• WORK TASK:
The data below should be restated word for word, with every picture omitted.

- - - - - - -

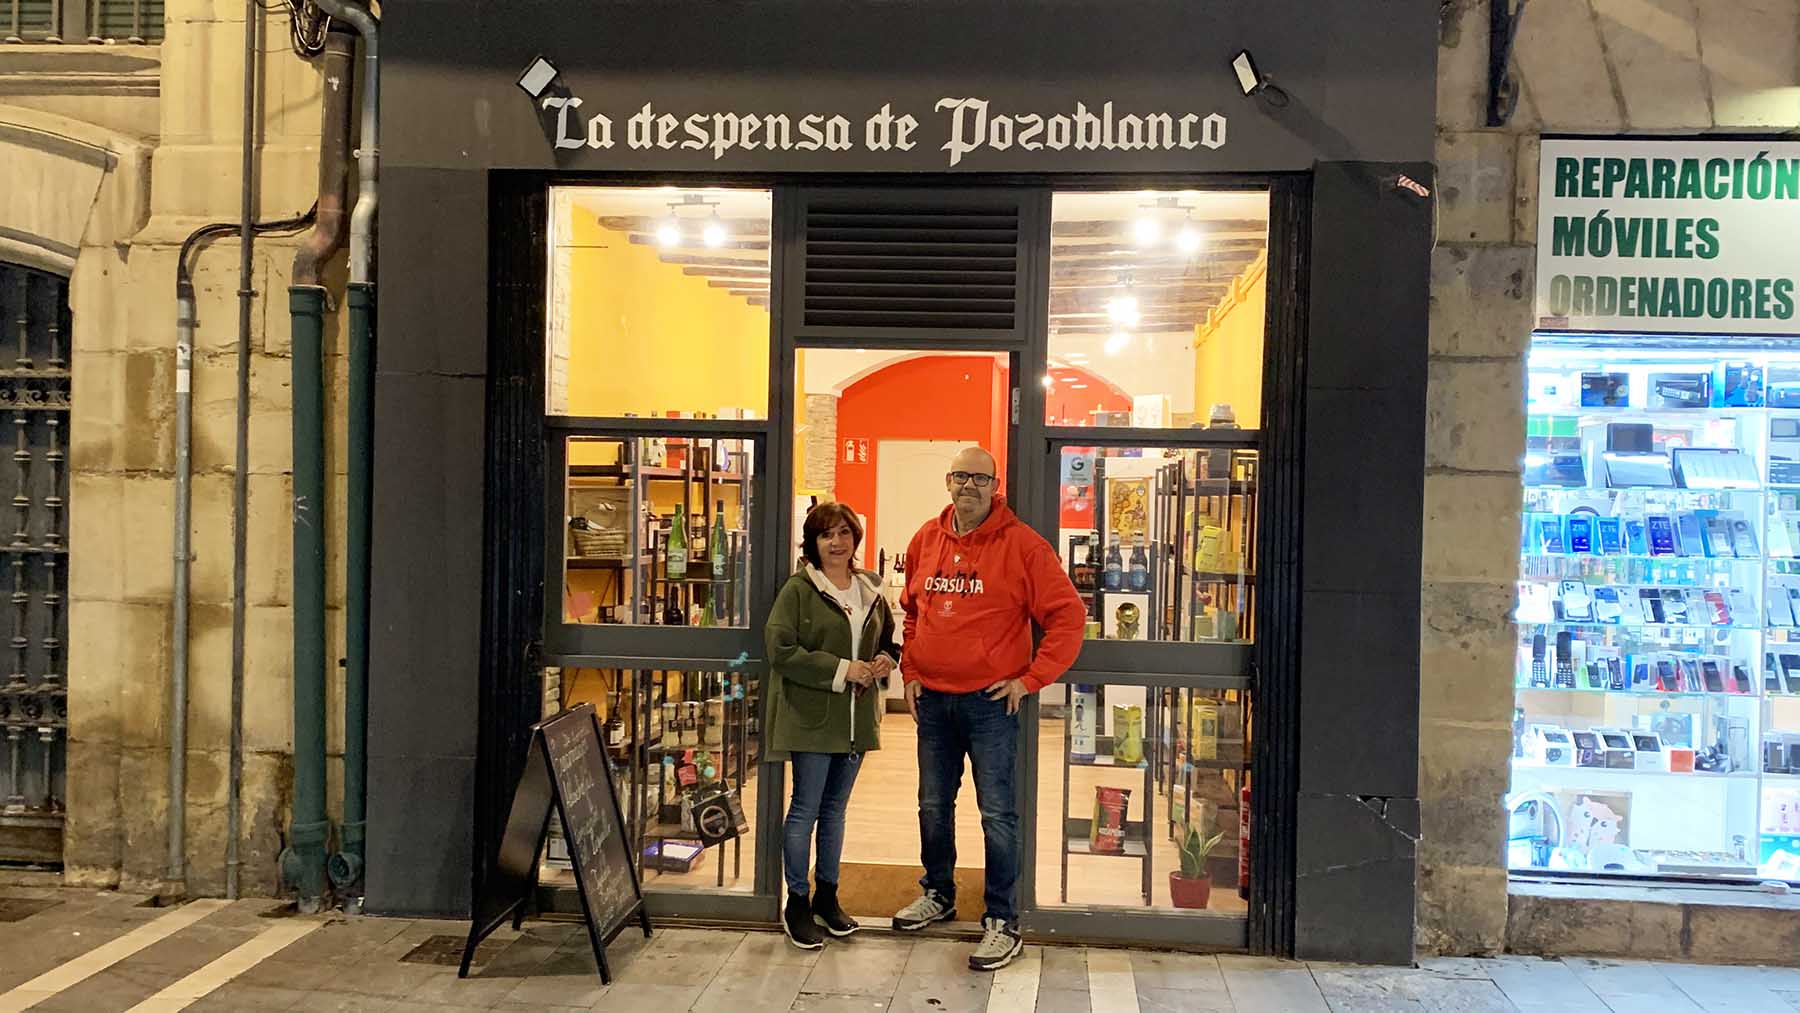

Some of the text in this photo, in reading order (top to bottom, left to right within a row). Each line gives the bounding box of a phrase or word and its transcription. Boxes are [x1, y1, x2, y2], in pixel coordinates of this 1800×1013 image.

[542, 96, 1228, 168] La despensa de Pozoblanco
[1554, 151, 1800, 201] REPARACIÓN
[1552, 209, 1720, 260] MÓVILES
[1550, 274, 1795, 320] ORDENADORES
[1651, 520, 1670, 530] ZTE

- - - - - - -

• ANSWER SECTION:
Some of the text in this photo, in reading order (top to bottom, left to right within a row). Each line gives the bounding box of a phrase or word and its transcription. Boxes are [x1, y1, x2, y2], in pixel coordinates of this 1800×1013 image.

[542, 96, 1228, 168] La despensa de Pozoblanco
[1554, 151, 1800, 201] REPARACIÓN
[1552, 209, 1720, 260] MÓVILES
[1550, 274, 1795, 320] ORDENADORES
[1651, 520, 1670, 530] ZTE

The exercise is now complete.